If Helen of Troy were a historical figure, given where she was purportedly from, what do you think she’d look like? Have you read descriptions of her? She’s described as especially white. It was her most remarkable feature. She would have stood out among the olive-skinned people around her. It wasn’t as if Sub-Saharan Africans were unknown to the peoples of the Mediterranean. If Helen were black, we’d have known about it.
Many of us know that Helen was fair-skinned and likely had blond or reddish-blond hair, but some people will watch this movie and walk away believing Helen was an African woman. The choice of actor distorts history—and the distortion is for political reasons. It would be the same with depictions of Jesus. If Jesus were a historical person, he would have been male and Caucasian. Depicting Jesus as a woman or an African would rightly be seen as an ideological move.

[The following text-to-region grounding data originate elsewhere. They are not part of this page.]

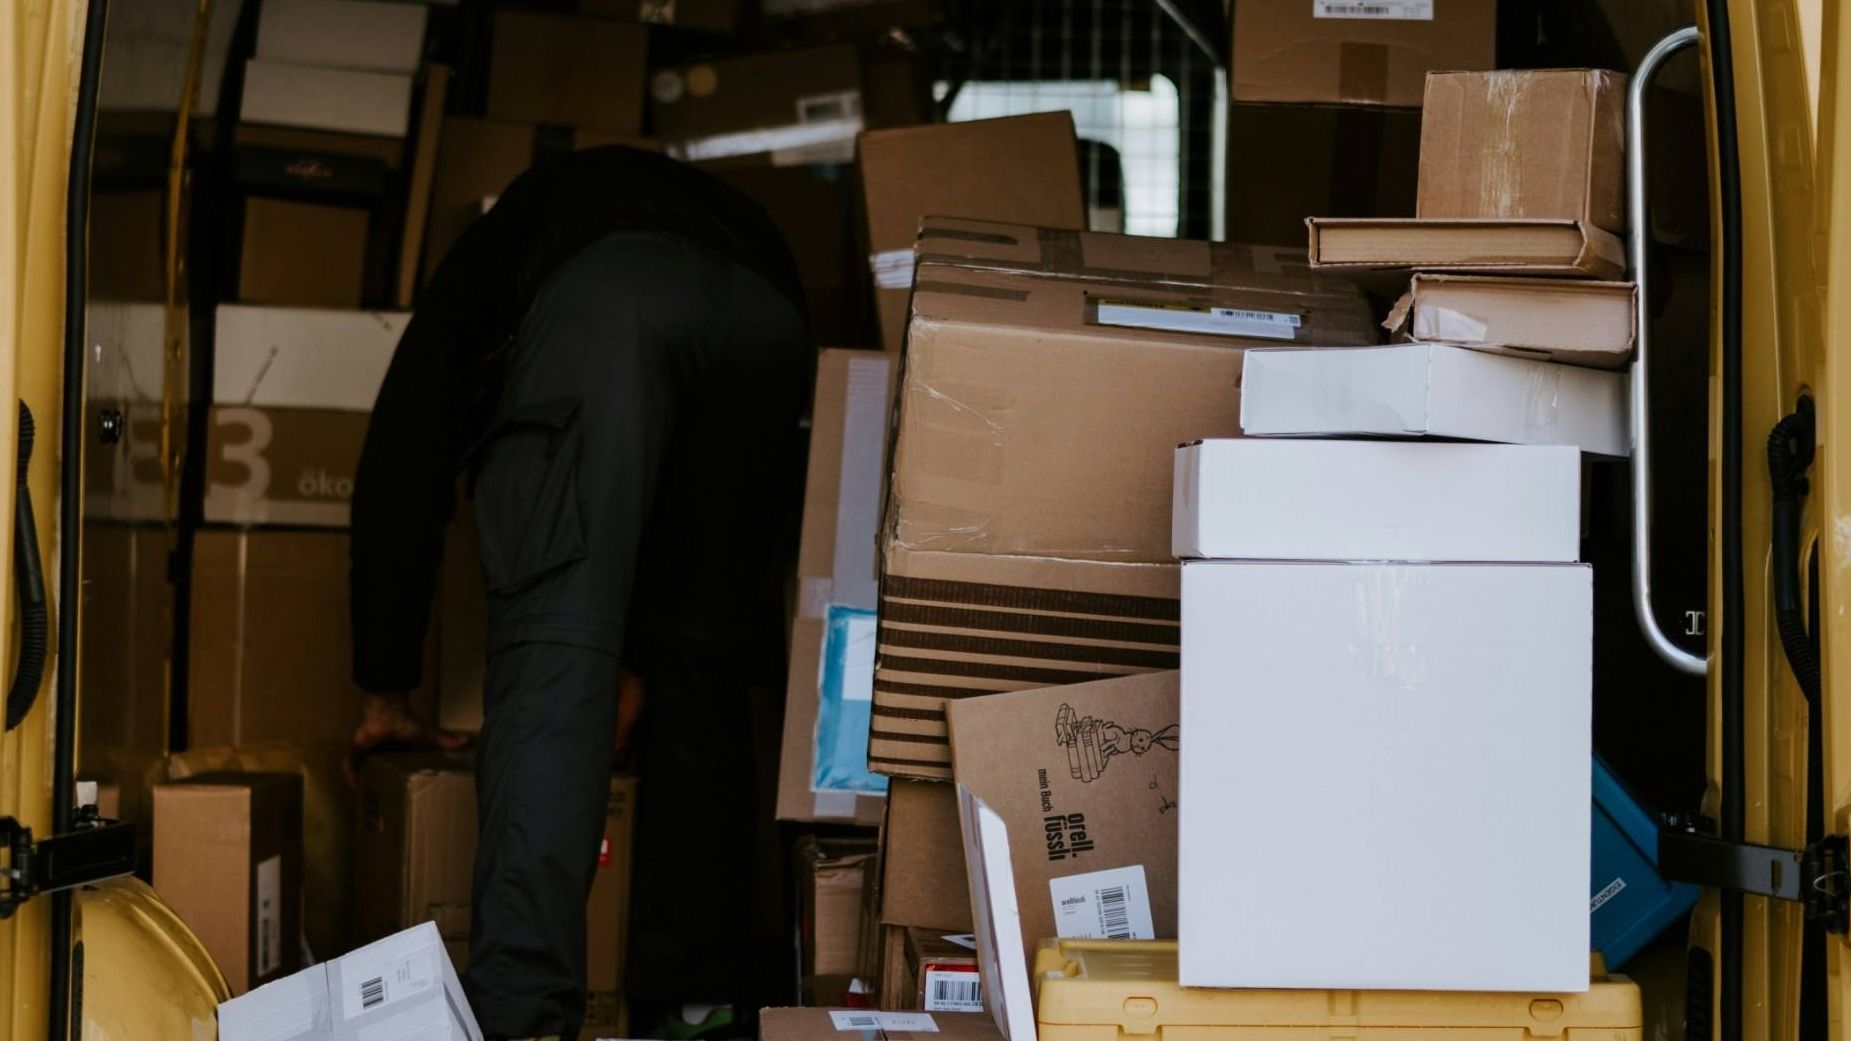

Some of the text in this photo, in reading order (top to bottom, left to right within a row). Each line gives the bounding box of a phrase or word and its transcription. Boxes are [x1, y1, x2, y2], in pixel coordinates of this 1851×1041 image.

[1038, 768, 1053, 812] mein Buch
[1044, 815, 1070, 860] füssli
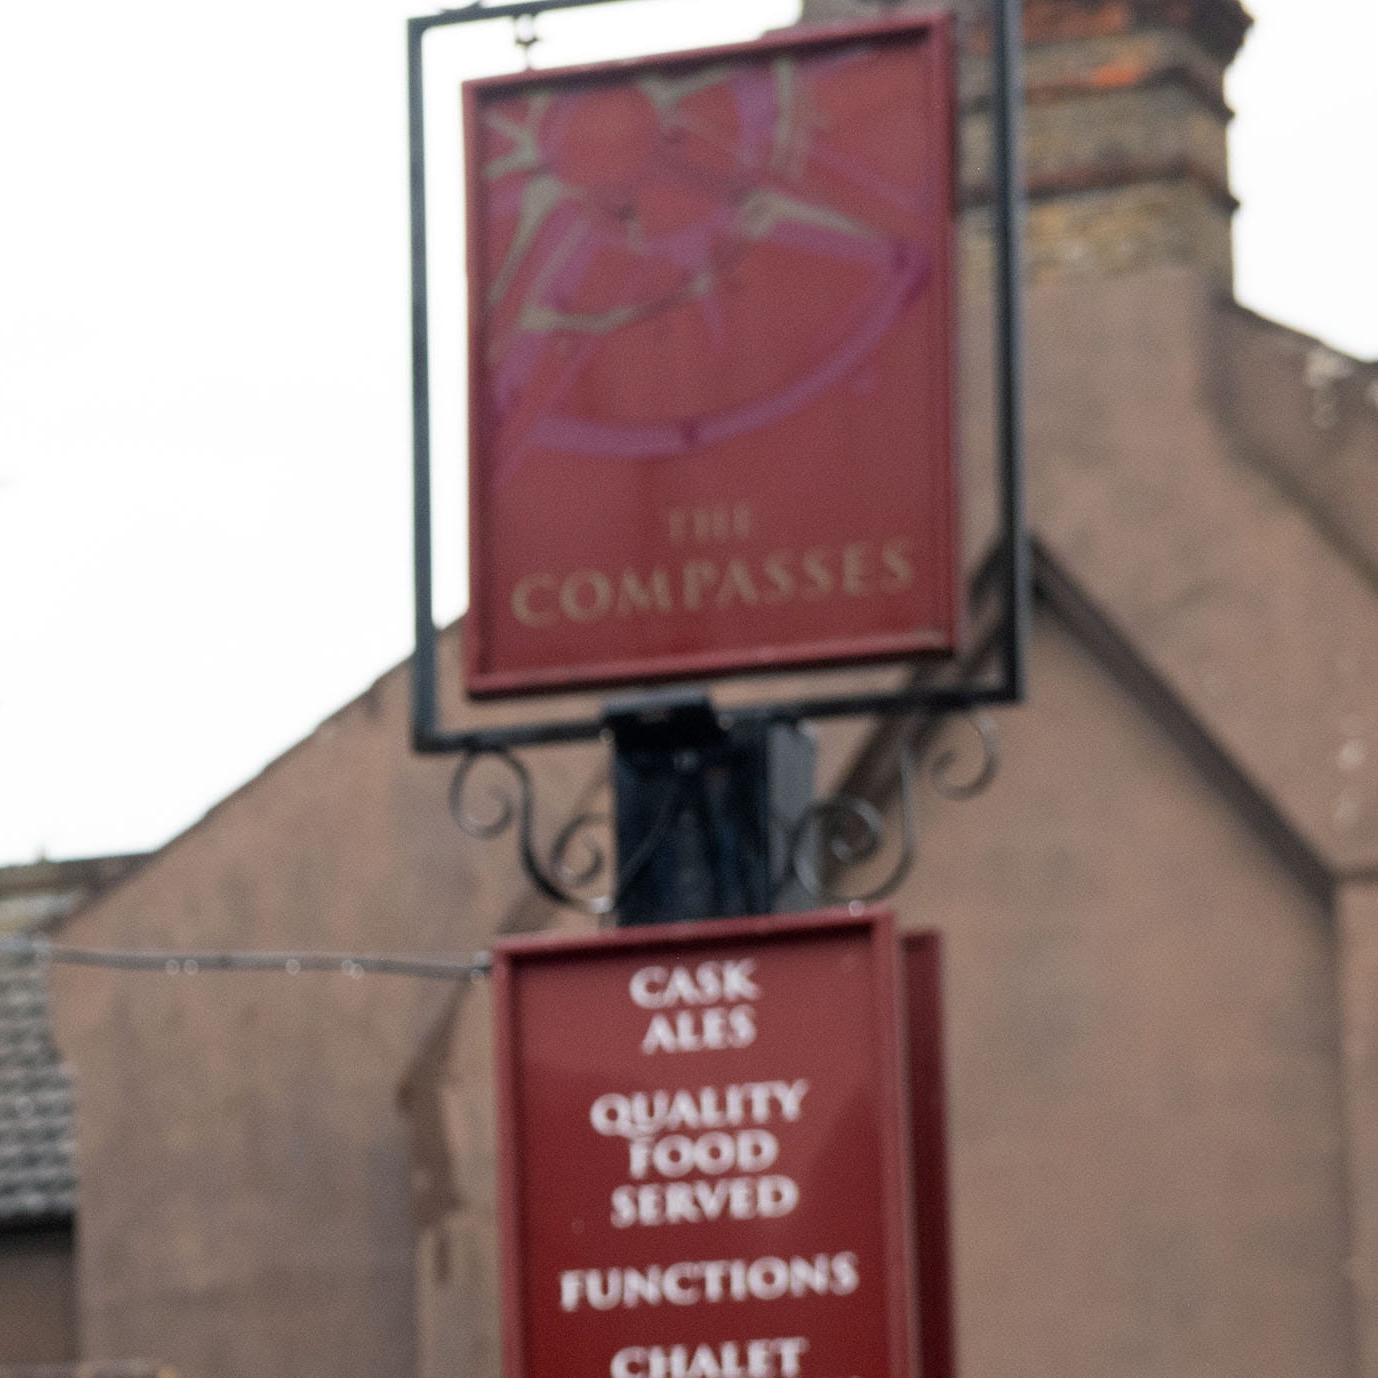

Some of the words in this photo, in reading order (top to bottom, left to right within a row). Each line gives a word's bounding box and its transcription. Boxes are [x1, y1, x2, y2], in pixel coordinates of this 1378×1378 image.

[511, 540, 913, 626] COMPASSES
[630, 961, 758, 1007] CASK
[642, 1007, 755, 1054] ALES
[590, 1079, 809, 1138] QUALITY
[630, 1131, 777, 1178] FOOD
[610, 1175, 799, 1229] SERVED
[559, 1251, 858, 1313] FUNCTIONS
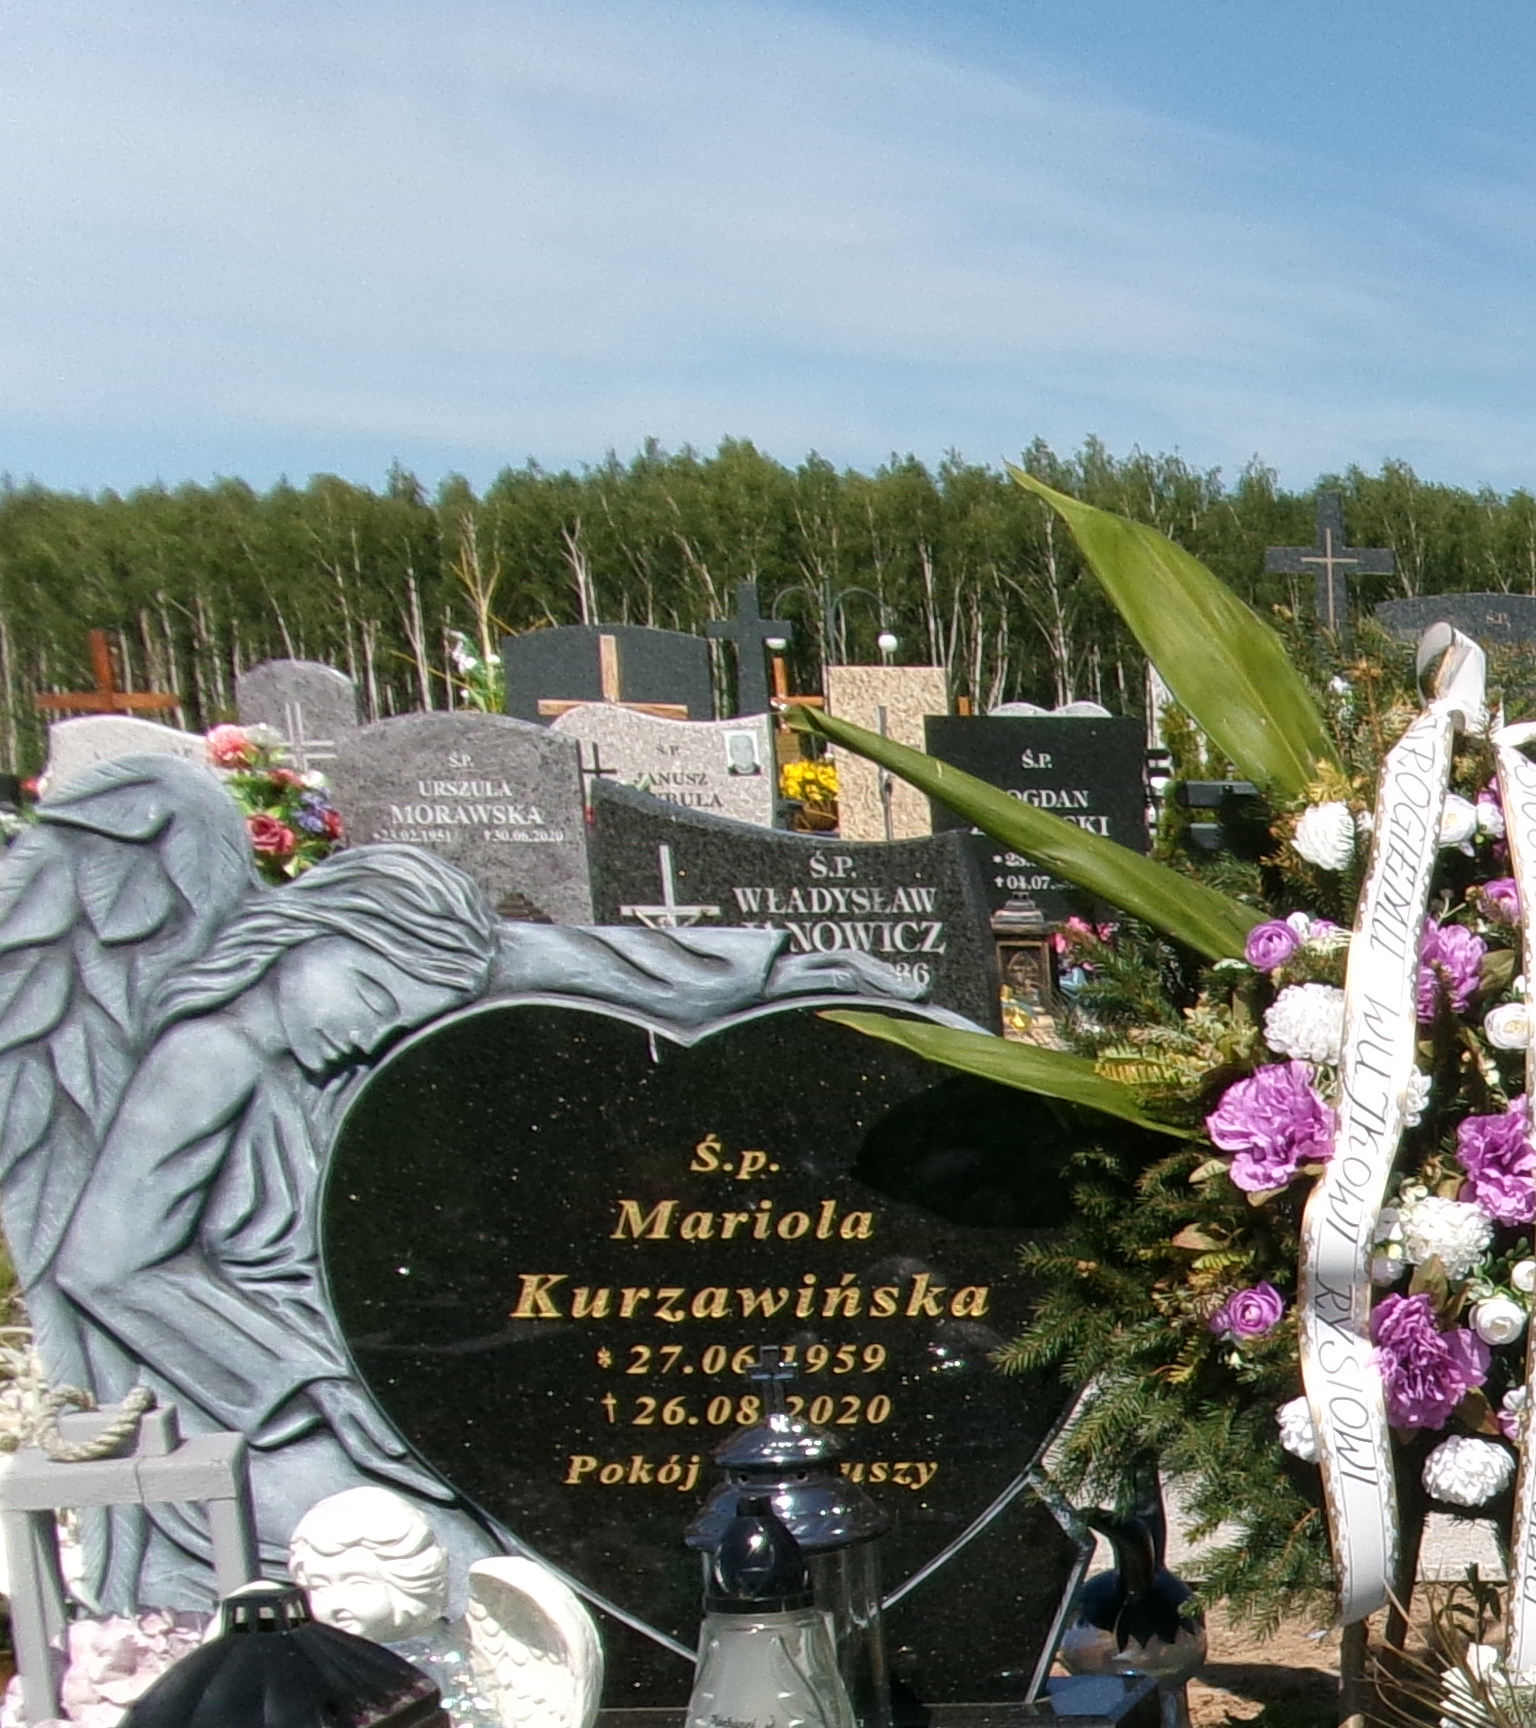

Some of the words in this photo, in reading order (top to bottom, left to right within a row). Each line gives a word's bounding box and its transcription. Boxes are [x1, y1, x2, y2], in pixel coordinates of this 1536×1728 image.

The rule is not unconditional. Black performers participated in the production of Jesus Christ Superstar. That was a rock opera where vocal performances were centered. This is not the same as producing a historically-based drama where accuracy is integral. In that case, it compels the dramaturgist to contradict the integrity of his field for the sake of diversity. It is not that non-Jews cannot play the role of Jesus, but casting a Chinese man in the role would signal an agenda.
To be sure, movie studios can cast anybody they want in their movies. But when studios use the medium to push historical revisionism for ideological purposes, they should be called out for it. The controversy over the lack of diversity in The Promised Land arose from a tense exchange during a press conference at the Venice Film Festival, rather than from broad audience criticism of the film itself. Danish actor Mads Mikkelsen and director Nikolaj Arcel were confronted with the question and responded appropriately with astonishment. The discussion largely focused on the tension between Hollywood’s diversity standards and the historical realities of European settings. But the movie is set in eighteenth-century Denmark.
Part of movie magic is the ability to suspend disbelief. Taking liberties with characters is particularly hard when the subject matter is historical and well-known. Knowing that Helen and Jesus were Caucasian would make it impossible for somebody who knew these stories to participate in the magic.
This is true for movie roles in many different ways. When Robert De Niro depicted Jake LaMotta in Martin Scorsese’s Raging Bull, the actor bulked up to look like a middleweight and even put on 60lbs to portray the older LaMotta. Those of us who know who follow boxing history would have found a skinny De Niro unconvincing in the role. Suppose a black actor was cast as LaMotta? Sounds absurd, but this is where diversity rules take the industry.
Something must be said about hypocrisy here. Suppose Martin Luther King, Jr. were played by a white man? Ben Kingsley was criticized for portraying an Indian in Gandhi, specifically accused of “brown face”—even though Kingsley was of Indian ancestry on his father’s side and both the English and the Indians are Caucasian. A white man portraying King would be scandalous. I would not think to ask why it matters that King is played by a white man. I know why it matters. And knowing why something like this matters is not a matter of racism on my part. If racism is to be found here, it is those who are erasing the racial identity of historical figures for the sake of an identitarian agenda.